In 2017, Roland Mouret returned to London Fashion Week to mark the 20th anniversary of the brand.

Although the company had already begun a financial restructure prior to the COVID-19 pandemic, closing its Manhattan flagship in 2018 and streamlining operations, the onset of the global pandemic shone further light on its precarious financial situation as sales plummeted by 80 percent in the first half of 2020.

In response, Mouret and co-owner Simon Fuller's XIX Entertainment sought outside investment to stabilise the business, with Mouret stating “I am going to be the last man standing,” in an interview with the Financial Times. The company sold a minority stake to its landlord, the Grosvenor Group, in June 2021.

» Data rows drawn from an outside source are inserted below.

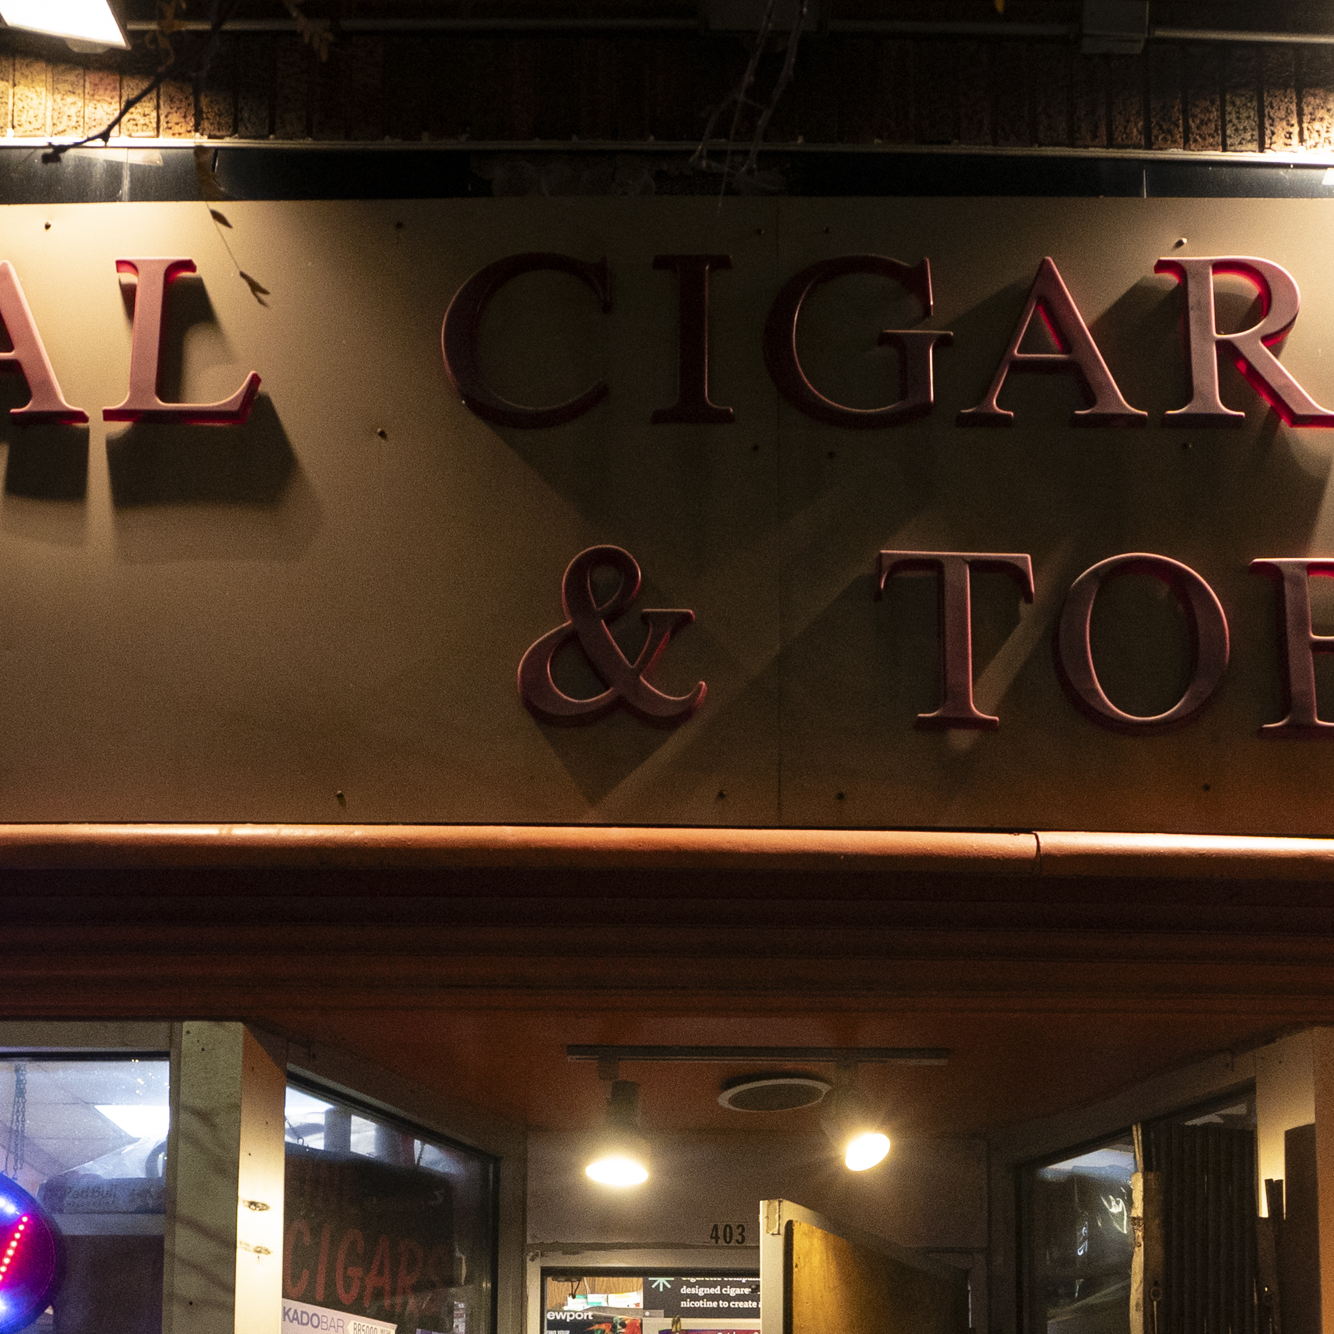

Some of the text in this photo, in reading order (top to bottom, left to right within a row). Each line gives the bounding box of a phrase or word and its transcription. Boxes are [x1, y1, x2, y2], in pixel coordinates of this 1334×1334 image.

[516, 544, 708, 728] &
[710, 1223, 747, 1246] 403
[680, 1285, 755, 1296] designed cigare
[680, 1298, 757, 1308] nicotine to create
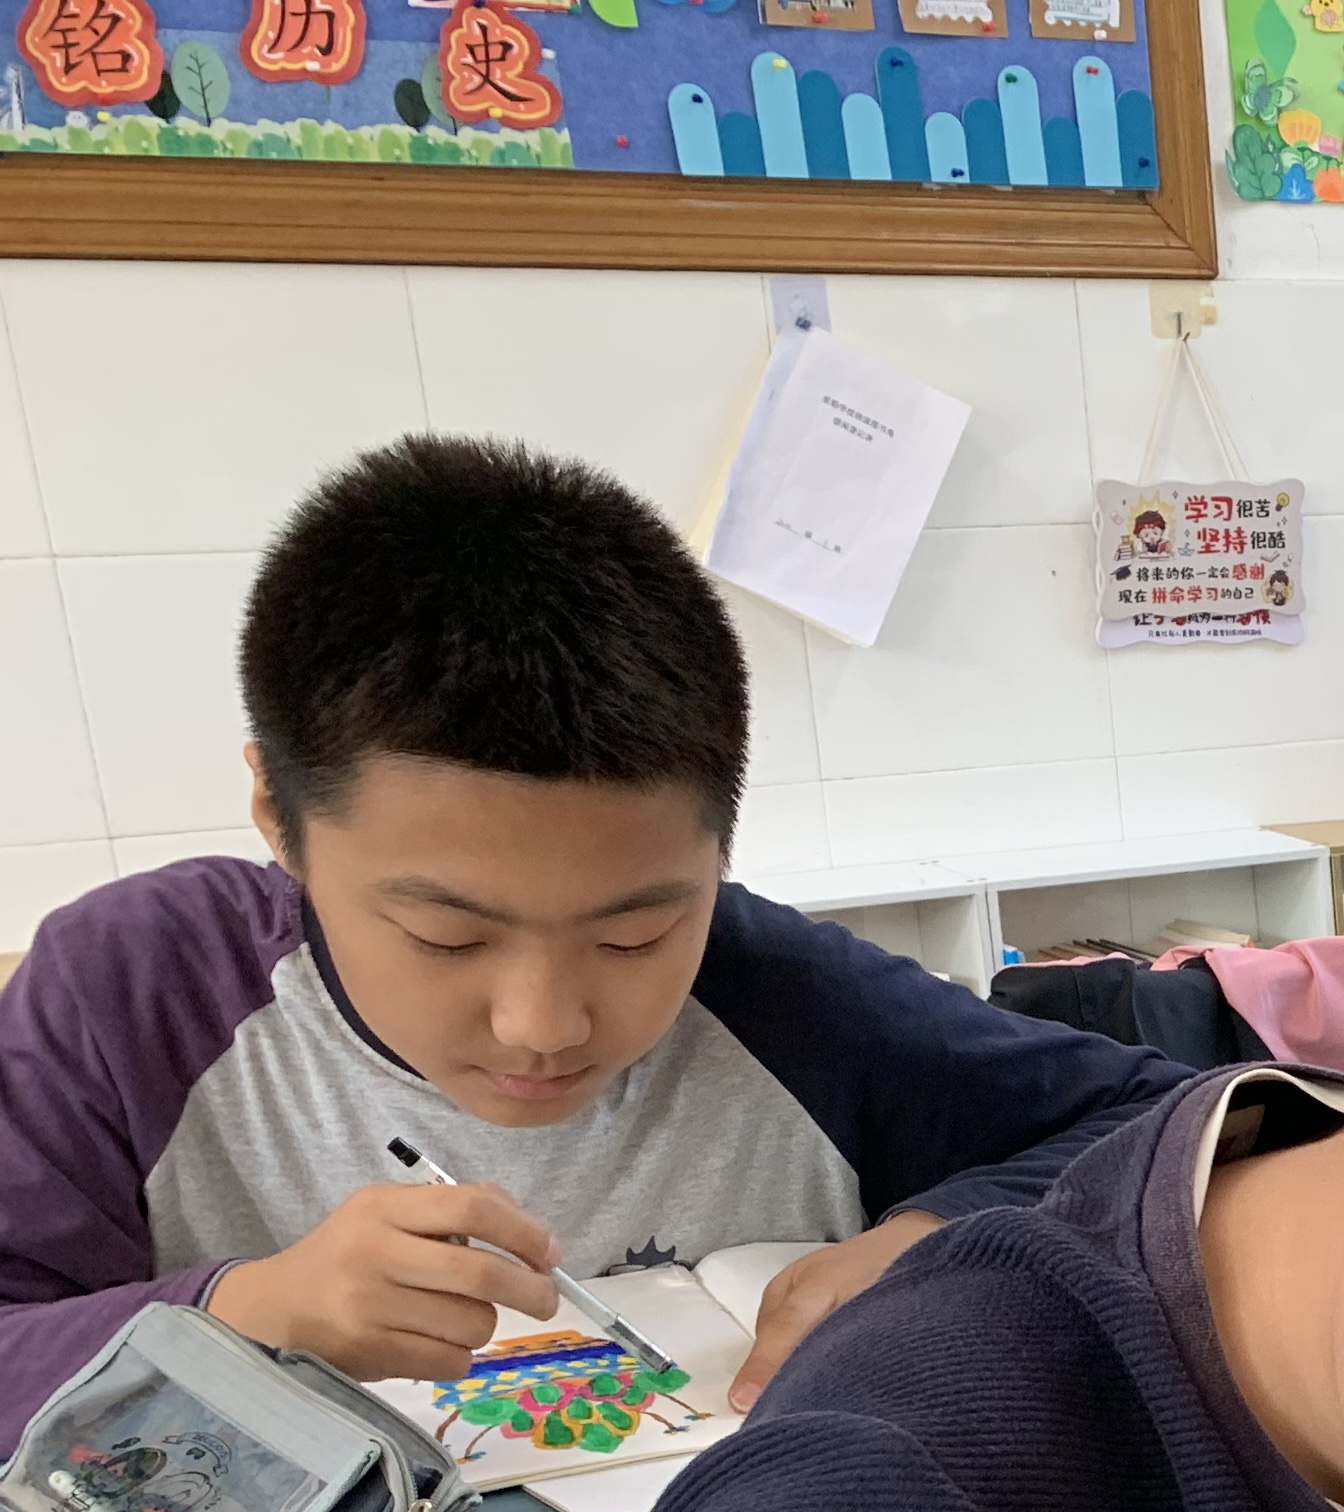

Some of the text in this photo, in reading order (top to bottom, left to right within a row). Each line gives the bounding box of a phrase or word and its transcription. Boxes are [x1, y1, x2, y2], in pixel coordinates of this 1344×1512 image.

In November 2021, it was announced that the company had collapsed into administration, leading to the loss of 84 jobs, with financial advisory Grant Thornton appointed to manage the administration and closure of the London flagship store.

Shortly after Mouret was forced to shut his business, fashion designer and entrepreneur Han Chong purchased the intellectual property and assets of the Roland Mouret brand through a newly formed company called SP Collection.

==Personal life==
Mouret lives in a cottage in Framlingham, Suffolk, with his husband, the artist, sculptor, and antiquarian bookseller, James Webster.

He remains close friends with David and Victoria Beckham, whose début fashion collection he acted as an advisor for and spent his honeymoon at the Beckham's luxury apartment in Dubai's Burj Khalifa complex.